Design, radiosynthesis, and evaluation of radiotracers for positron emission tomography imaging of stearoyl-CoA desaturase-1.

Abstract

Design, radiosynthesis, and biological evaluation of two radiotracers (N-(3-[(18)F]fluoropropyl)-6-(4-(trifluoromethyl)benzoyl)-piperazin-1-yl)pyridazine-3-carboxamide ((18)F-FPPPT) and (N-(4-[(18)F]fluoroaniline)-6-(4-(trifluoromethyl)benzoyl)-piperazin-1-yl)pyridazine-3-carboxamide ((18)F-FAPPT)) are described for noninvasive assessment of stearoyl-CoA desaturase-1 (SCD-1). The overexpression of SCD-1 in multiple solid tumors associates with poor survival in cancer patients. The two radiotracers, (18)F-FPPPT and (18)F-FAPPT, were each prepared in three steps in radiochemical yields of 21% and 3%, respectively.
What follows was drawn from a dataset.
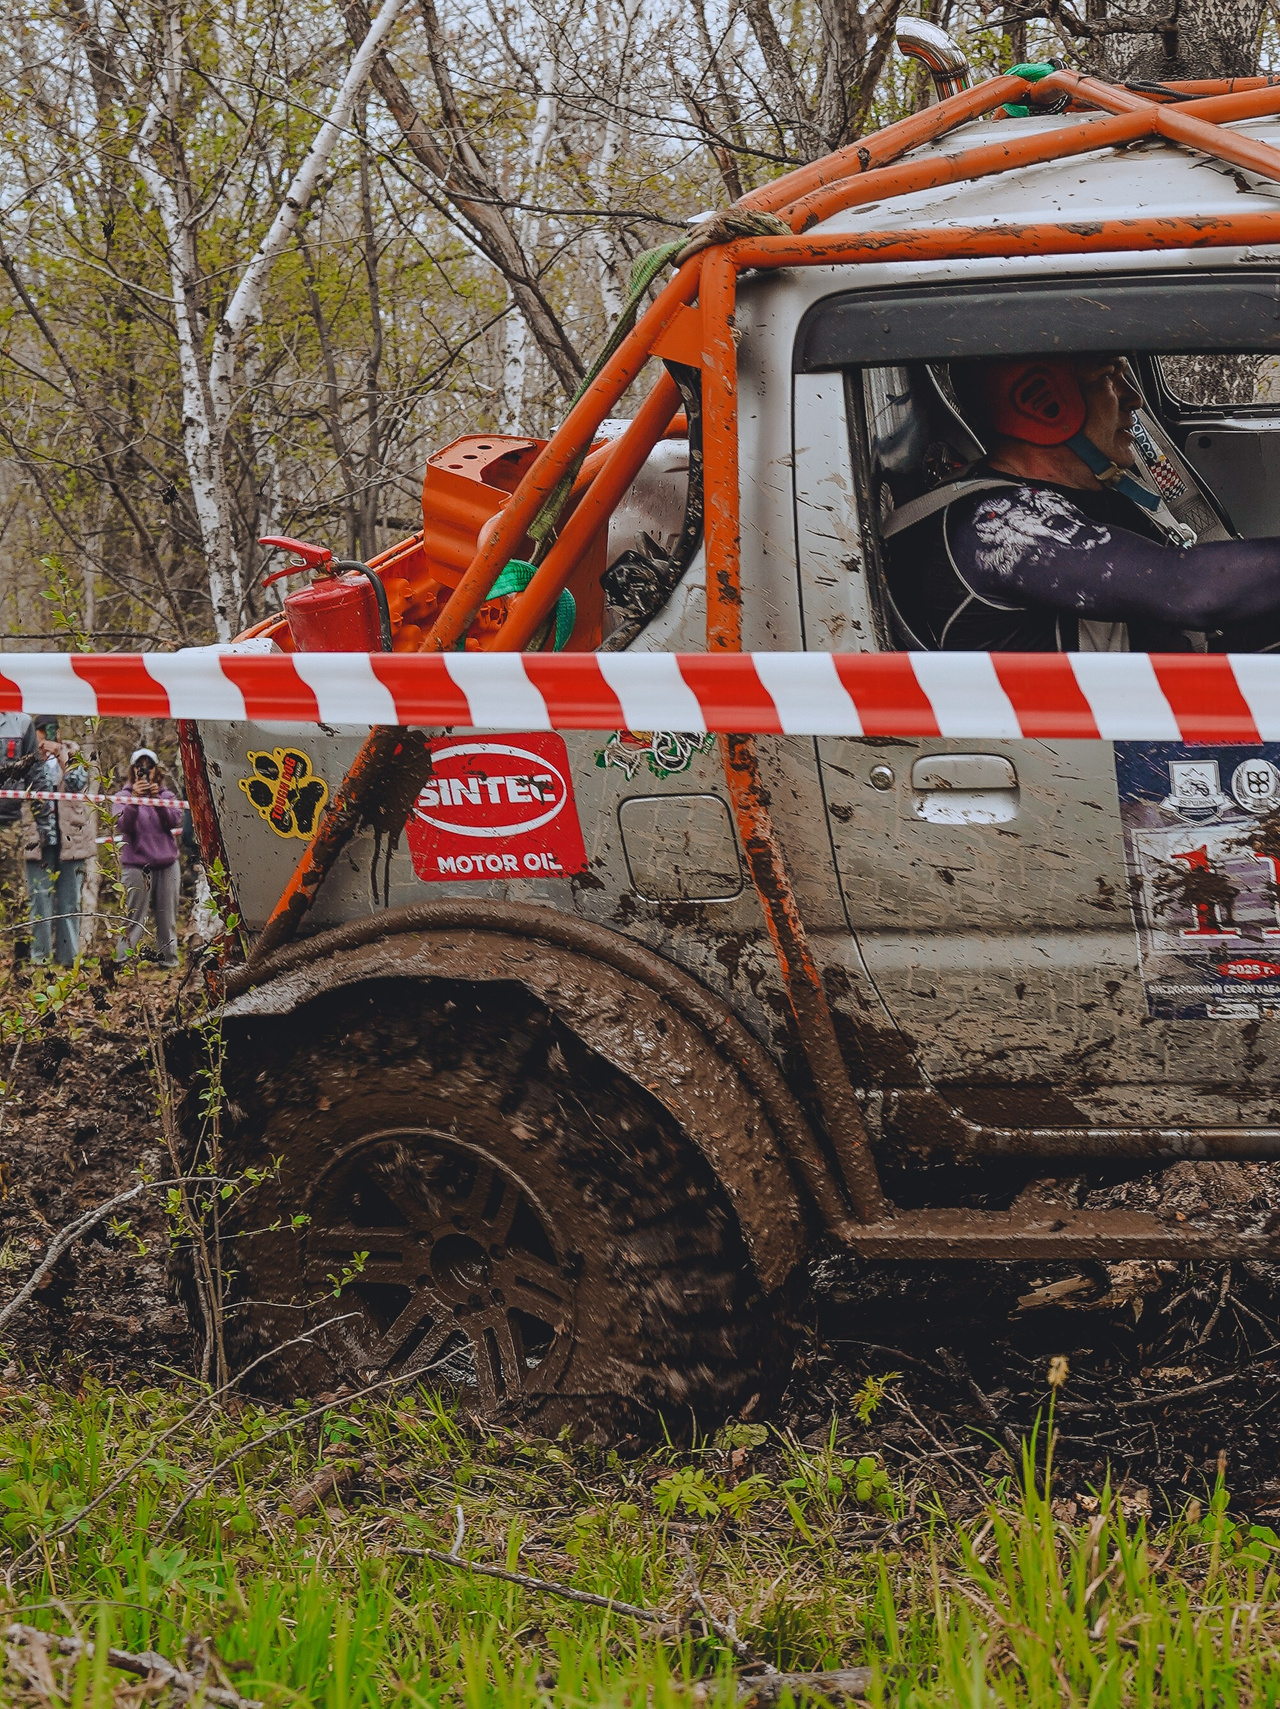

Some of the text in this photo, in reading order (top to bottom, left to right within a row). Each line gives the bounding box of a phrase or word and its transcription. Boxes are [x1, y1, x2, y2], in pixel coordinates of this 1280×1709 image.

The practicality of imaging SCD-1 with (18)F-FPPPT was tested in two mouse models bearing xenograft tumors with different levels of SCD-1 expression, which afforded a 1.8-fold uptake difference correspondingly. Our work indicates that it is possible to develop SCD-1 specific imaging probes from previously reported SCD-1 inhibitors.